At the same time, of course, we need to make sure it is the right outcome and the right decision. I don't think we want to be hasty. Certainly, to the extent we can move quickly through this process, I think it's going to be in the best interests of all of us.
I would certainly agree with what Hugh has to say.
First of all, I'm speaking as a private businessman here. It's not in consultation with AECL or with OCI, even though we are members.
I would say, frankly, the longer it takes to conclude this privatization, the lower the value of AECL.
There are opportunities out there in the world for reactor orders. They are on hold, in particular, in Argentina and in China. Both of those countries are quite frankly having second thoughts due to the uncertainty, in their view. After all, they are the customers. The sooner this is sorted out, the better it will be.
I think one thing you'll find is that successful reactor suppliers all have one thing in common: their home countries, governments, utilities, reactor vendors, and the industry all work together on a common front.
Neil mentioned the Koreans. It's a classic example. They do it beautifully. France also does the same thing.
We need to do the same if we're going to be successful out there in the world.
Yes, some details still need to be fleshed out.
My next question is for both Mr. MacDiarmid and Mr. Ivanco.
Yesterday I flew in from Washington. The seatmate with whom I was sitting and I chatted as we flew in. She worked for Nortel for nine years. She now works for a Washington-based company. That Washington-based company was picking up a section of the Ericsson purchase. We discussed the amount of money that the Canadian taxpayers had sunk into Nortel, the tremendous loss that it is.

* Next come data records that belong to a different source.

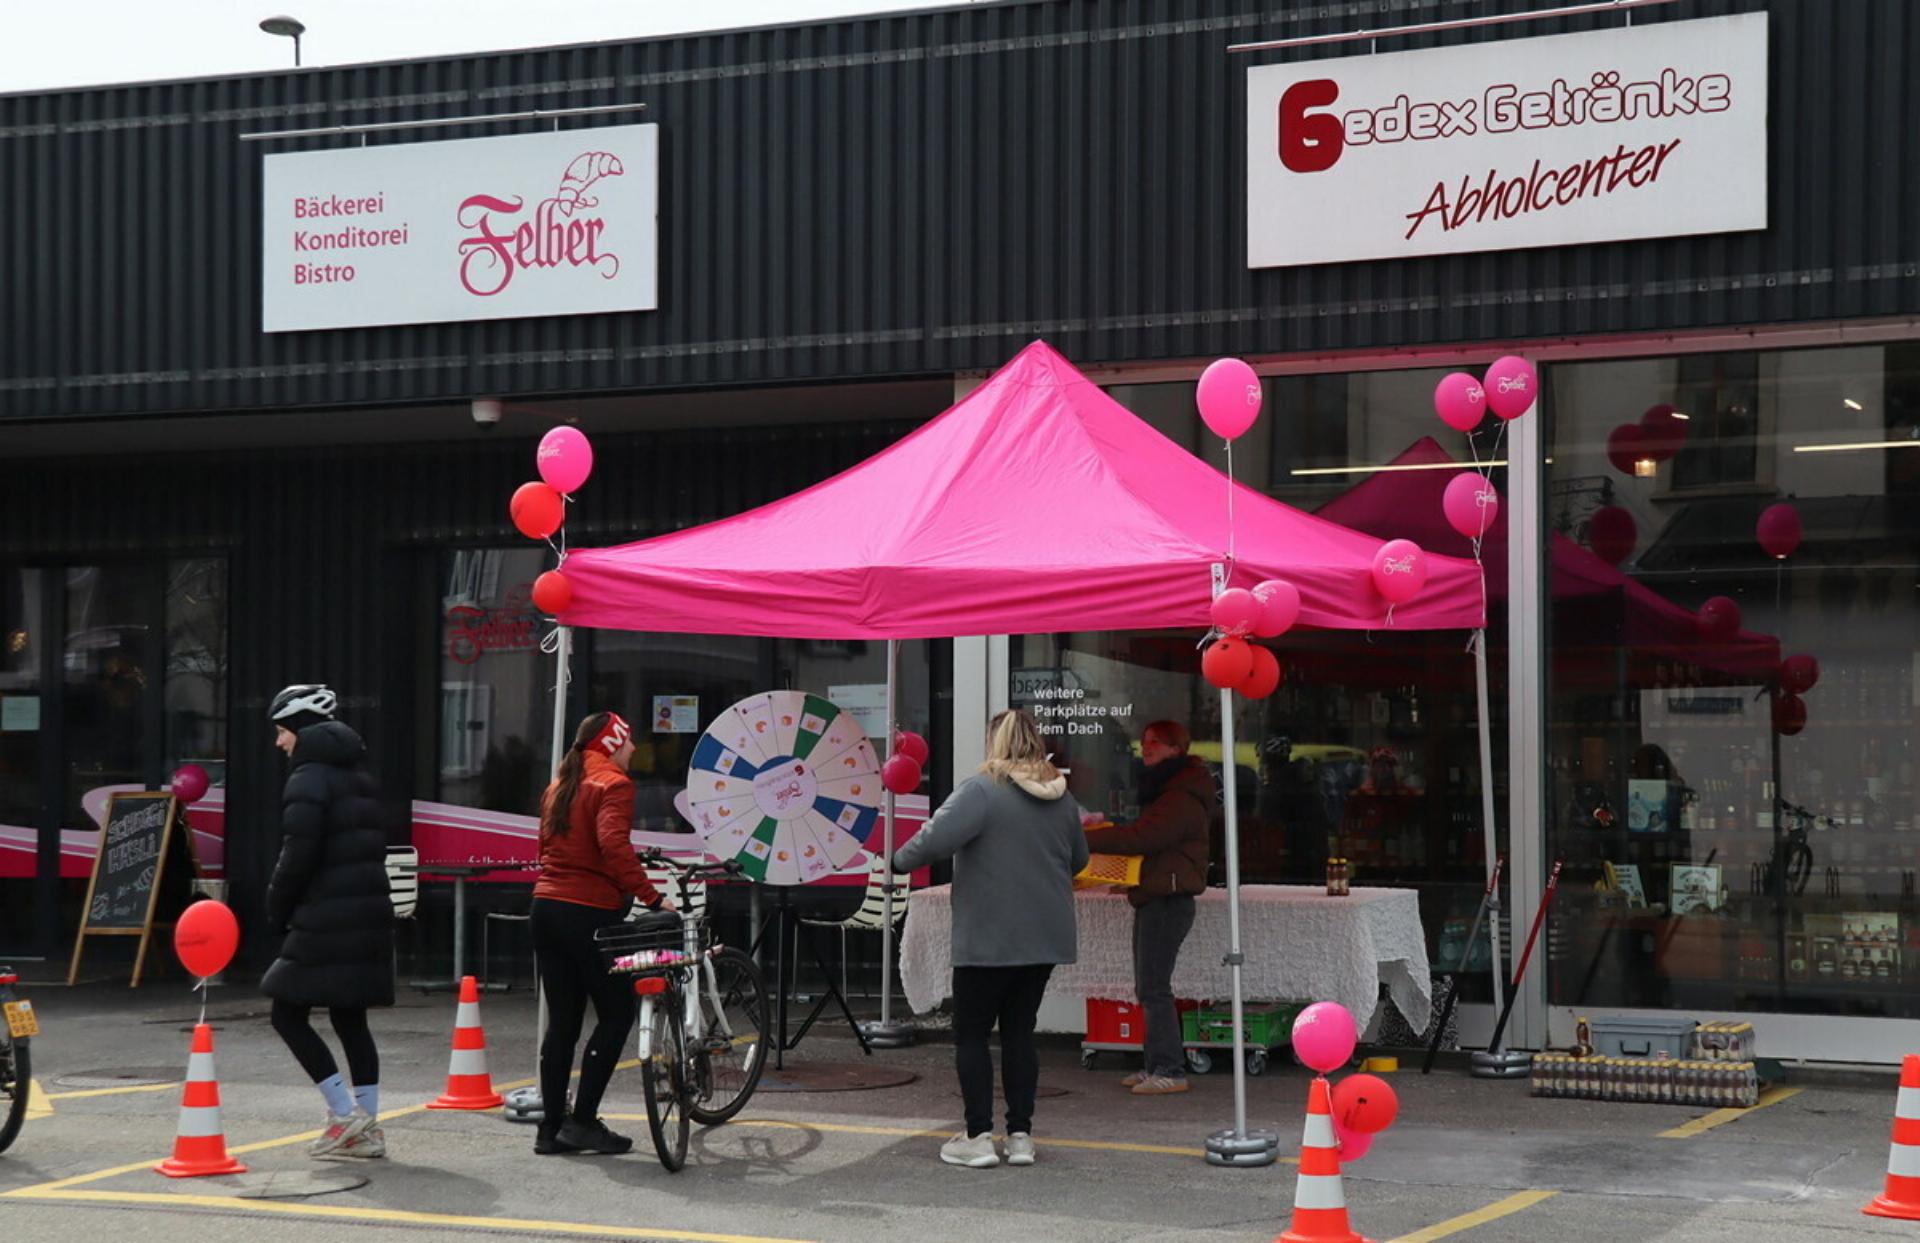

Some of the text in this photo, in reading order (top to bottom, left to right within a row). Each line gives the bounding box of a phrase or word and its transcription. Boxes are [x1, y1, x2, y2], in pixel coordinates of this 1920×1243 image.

[1484, 68, 1731, 133] Getränke
[1405, 138, 1680, 240] Abholcenter
[293, 192, 384, 219] Bäckerei
[293, 223, 409, 251] Konditorei
[457, 194, 619, 296] Felber
[293, 264, 355, 285] Bistro
[1034, 687, 1084, 699] weitere
[1034, 704, 1133, 719] Parkplätze auf
[1068, 722, 1103, 734] Dach
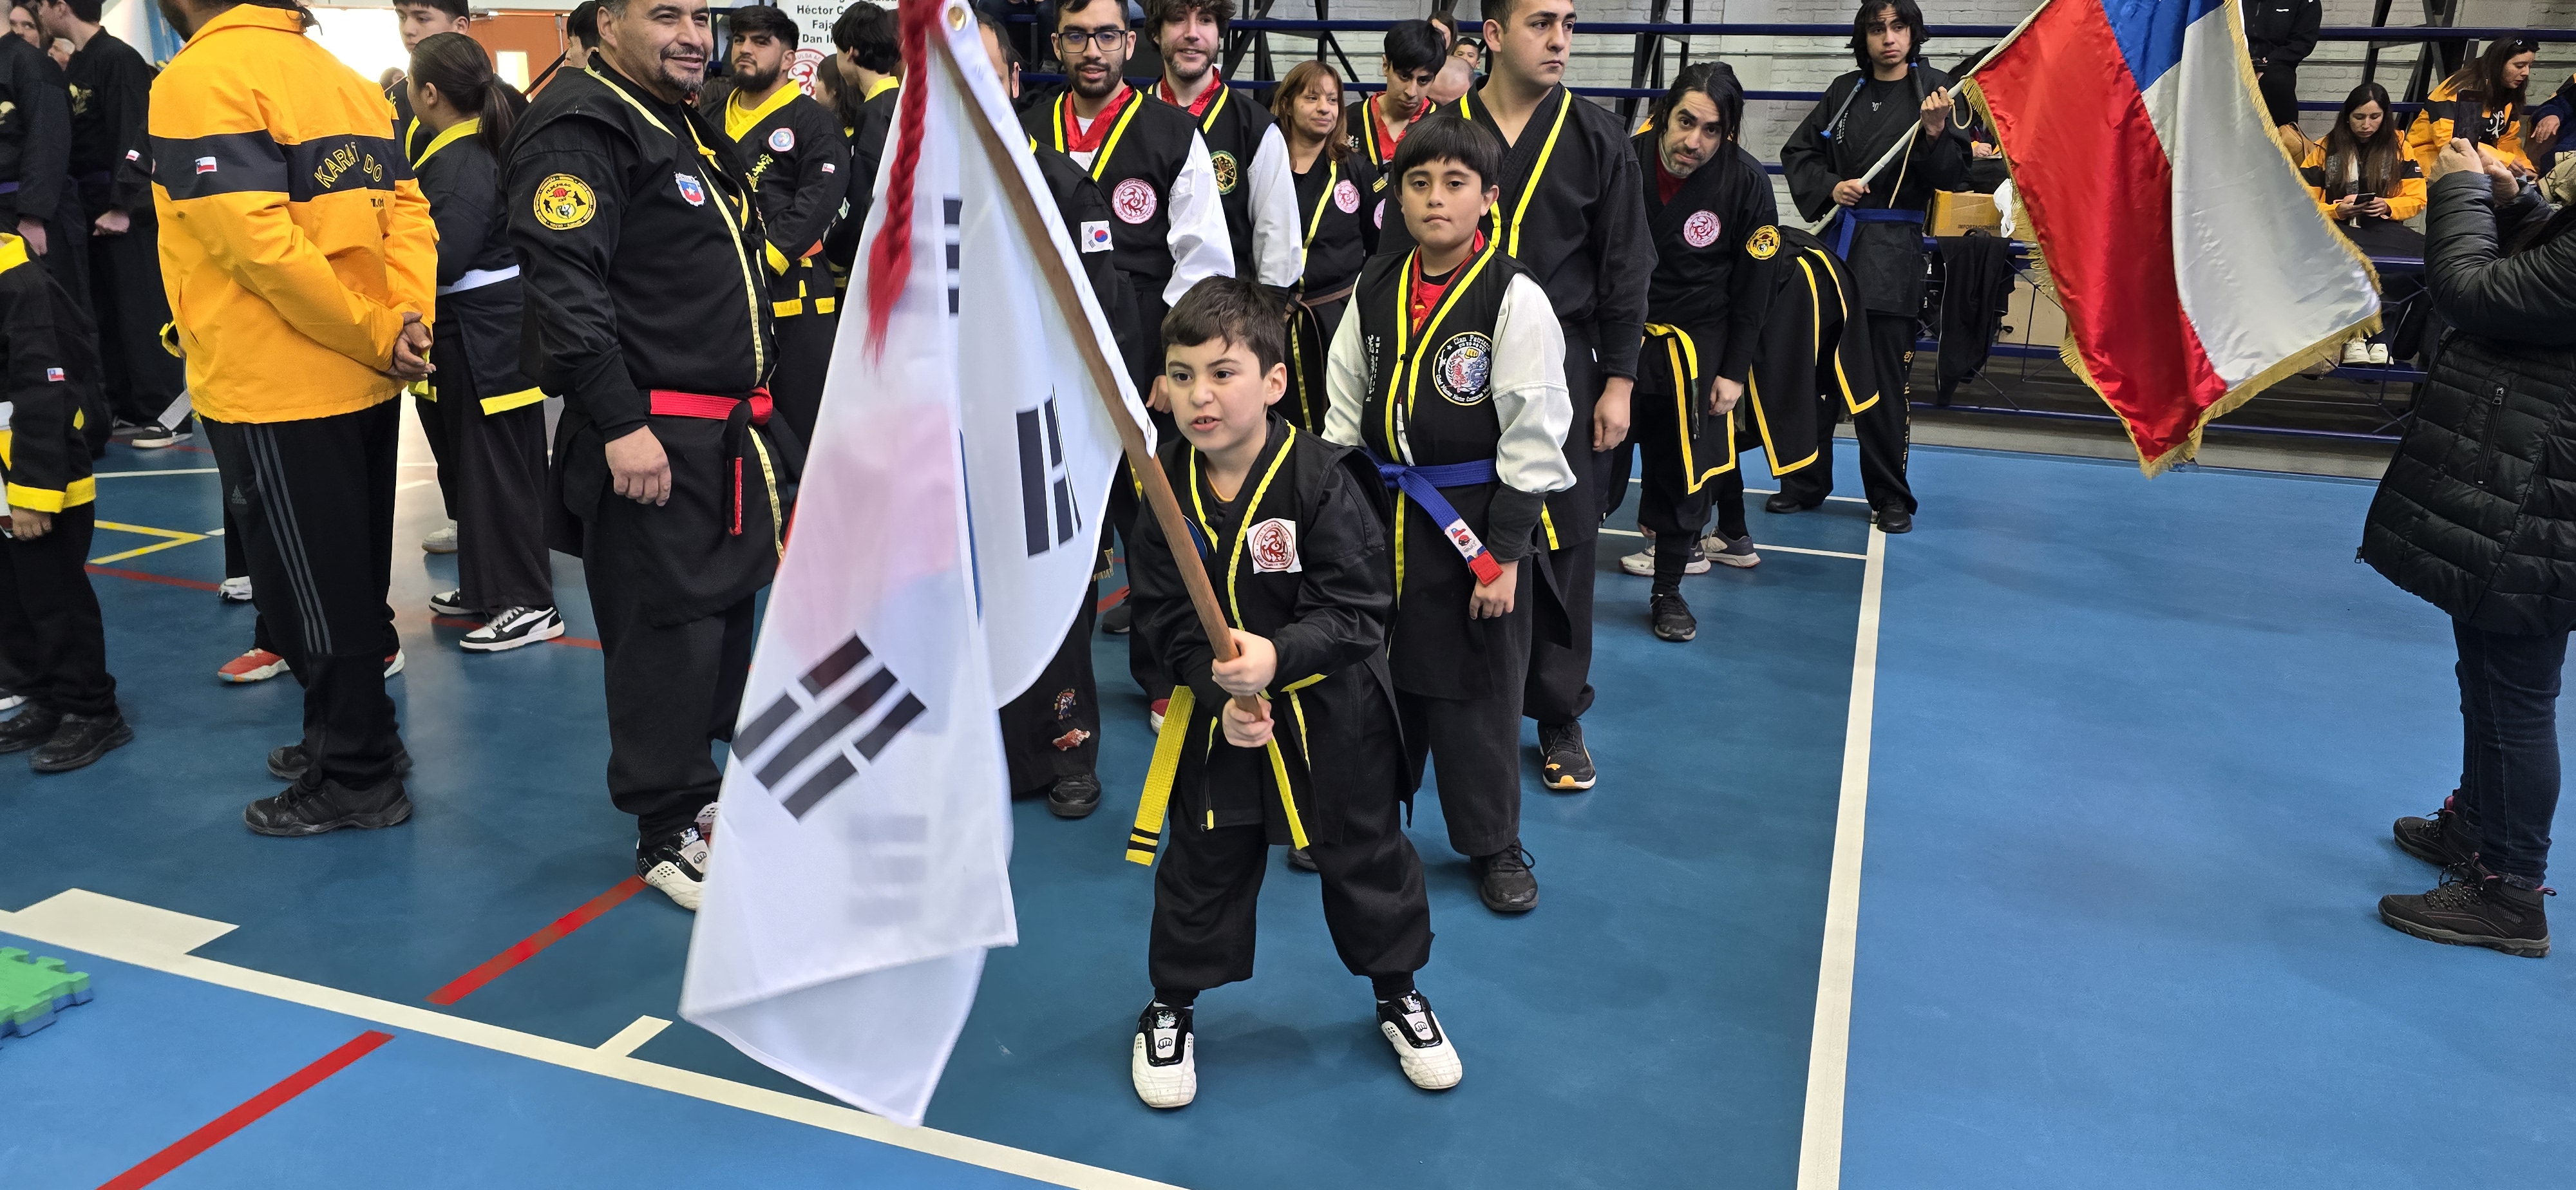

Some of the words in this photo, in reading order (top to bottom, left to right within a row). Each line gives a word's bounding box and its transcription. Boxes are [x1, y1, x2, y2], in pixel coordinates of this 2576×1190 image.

[797, 5, 833, 15] Héctor
[802, 34, 822, 43] Dan
[314, 142, 359, 189] KARAT
[363, 154, 383, 182] DO

Her comment, entirely unsolicited by me, was that this was a terrible tragedy, that it basically took Canada out of the game, except insofar as it's more advantageous for foreign companies to locate their operations here than it might be anywhere else.
My first question, Mr. MacDiarmid, is whether AECL is the next Nortel, because this legislation gives the government the authority to sell it one minute after royal assent.
So there's no imminent thousand-employee layoff. This is what people are concerned about, because they are hearing that AECL doesn't have its full year's cheque worth for both the repairs as well as the operating costs and that combined with a mass e-mail that engineers and retired engineers got saying that Bill C-9 is designed to sell AECL out from underneath Canadians by stealth. Just by virtue of having this discussion dispels that notion. So that is why I asked that question. And contrast that to representatives from the Technicians and Technologists Independent Union, who are working together so as the company goes through the restructuring they can be a part of it and work together with it.
And as many of my colleagues here are aware, and Madame Brunelle, I've been working with a group of employees at Chalk River. We call ourselves the CREATE committee, which stands for Chalk River Employees Ad-hoc Taskforce for a national laboratory. Of course their main focus at this point is getting NRU back and running, and I hope eventually the case will be made that a multi-purpose reactor should go there.
But regardless of whatever decisions are made about the future of the commercial side of AECL, we believe the proposal for a national laboratory should be pursued, and we see the current restructuring as much as an opportunity as anything else.
Should the decision not to restructure AECL proceed, what does the CREATE committee need to do to encourage AECL to support their proposal that could result in a different government agency, such as the National Research Council, or some newly created agency, like a public-private partnership, to play an enhanced role at the Chalk River site, particularly when it comes to nuclear research and development?